A lo largo de los siglos, confucianismo, budismo, militarismo y corporativismo (entre otros condicionantes históricos) fueron moldeando la actual obediencia japonesa. Y esto fue siempre en pos de mantener el orden social, la cohesión del grupo o, más ambiguamente, “lo colectivo”. En este marco, la obediencia japonesa se ha sostenido por la mirada ajena y el juicio del otro. En la foto mental que saqué en aquel semáforo en Nakano, el japonés ebrio y yo nos mantuvimos inmóviles porque sabíamos que el otro sería un infractor de la ley en caso de cruzar. De igual modo, en la foto mental que saqué en Shibuya, la mayoría de los japoneses respetaron el amable pedido policial porque ninguno quería que los demás lo vieran como un perturbador del orden público.

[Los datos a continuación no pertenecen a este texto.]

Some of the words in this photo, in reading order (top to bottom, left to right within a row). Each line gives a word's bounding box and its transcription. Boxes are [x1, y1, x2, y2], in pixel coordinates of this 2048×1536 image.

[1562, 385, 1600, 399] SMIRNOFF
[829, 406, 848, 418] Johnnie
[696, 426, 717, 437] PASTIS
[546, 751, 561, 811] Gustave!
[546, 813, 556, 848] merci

Las antes mencionadas instituciones (confucianas, budistas, militaristas y corporativistas, entre otras) efectivamente moldearon a la obediencia japonesa, pero la regla, esto es, literalmente la vara con que se midieron los resultados, siempre estuvo fuera de aquellas; fue la sociedad entera.

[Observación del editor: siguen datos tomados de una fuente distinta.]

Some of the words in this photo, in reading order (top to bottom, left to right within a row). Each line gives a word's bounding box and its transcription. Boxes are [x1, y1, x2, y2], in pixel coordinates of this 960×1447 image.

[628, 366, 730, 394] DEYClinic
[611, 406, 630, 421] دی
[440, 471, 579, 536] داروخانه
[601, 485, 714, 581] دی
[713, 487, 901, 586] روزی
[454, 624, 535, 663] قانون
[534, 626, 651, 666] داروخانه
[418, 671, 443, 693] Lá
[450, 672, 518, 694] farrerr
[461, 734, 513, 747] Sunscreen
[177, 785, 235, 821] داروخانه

A veces esto llevó a casos de despersonalización extrema. Quizás ninguna de las fotos mentales que saqué en Japón me resultó tan impactante en estos términos como la siguiente: el 29 de octubre de 2004, un viajero japonés que se encontraba en Irak llamado Kōda Shōsei fue secuestrado por el grupo yijadista de Abu Musab al-Zarqawi. Lo hicieron sentar de rodillas sobre una bandera de Estados Unidos y, con tres de sus captores detrás, fue asesinado frente a una cámara para luego transmitir ese video por todo el mundo. Antes de su muerte, el joven pidió disculpas a su país y su familia por los problemas causados. A su vez, la familia de la víctima les pidió disculpas al gobierno y a todos aquellos de quienes recibieron ayuda. El caso generó un revuelto tremendo e incluso hoy día gran parte del miedo que sienten los japoneses hacia países árabes o musulmanes proviene de ese evento. Mi foto, sin embargo, no fue esa. La foto fue de uno de mis alumnos quien, al debatir el tema en clase, les dijo a sus compañeros, también adolescentes: “yo habría hecho lo mismo”.

La obediencia japonesa a veces nos aterra. Pero también hay algo en el modo de vida occidental que aterra a los japoneses. En Occidente, la tendencia a la transgresión es común; el infringir un precepto es visto como un motor de cambio y de transformación, pero también es una regla implícita a la cual las sociedades se someten estricta y obedientemente. En Japón, la tendencia es más bien al cumplimiento y a la preservación de la ley, llegando a veces a tomar formas desinteresadas y extremas (¿rupturistas?) ante aquel valor exacerbado en otras partes del mundo: la individualidad. En las décadas inaugurales de la hegemonía asiática en el tablero geopolítico, ¿estamos obligados a elegir uno u otro modelo, a creer que se trata de posiciones antagónicas? ¿O vamos a permitirnos ser más desobedientes con las imágenes mentales que nos hacemos de otros y de nosotros mismos?


[1] 順ふや 音なき花も 耳に奥 shitagau’ya oto naki hanamo mimi no oku. En su traducción al inglés, Reginald Horace Blyth optó por hacer del poeta y de su oyente el agente de la obediencia (“We are obedient / and silent flowers too / speak to the inner ear”). Alberto Silva, en cambio, eligió quitar la palabra ‘obediencia’ de su traducción para reemplazarla por la acción de ‘someter’, propia de quien impone la regla (“Abre el oído / somételo / al silencio de las flores”).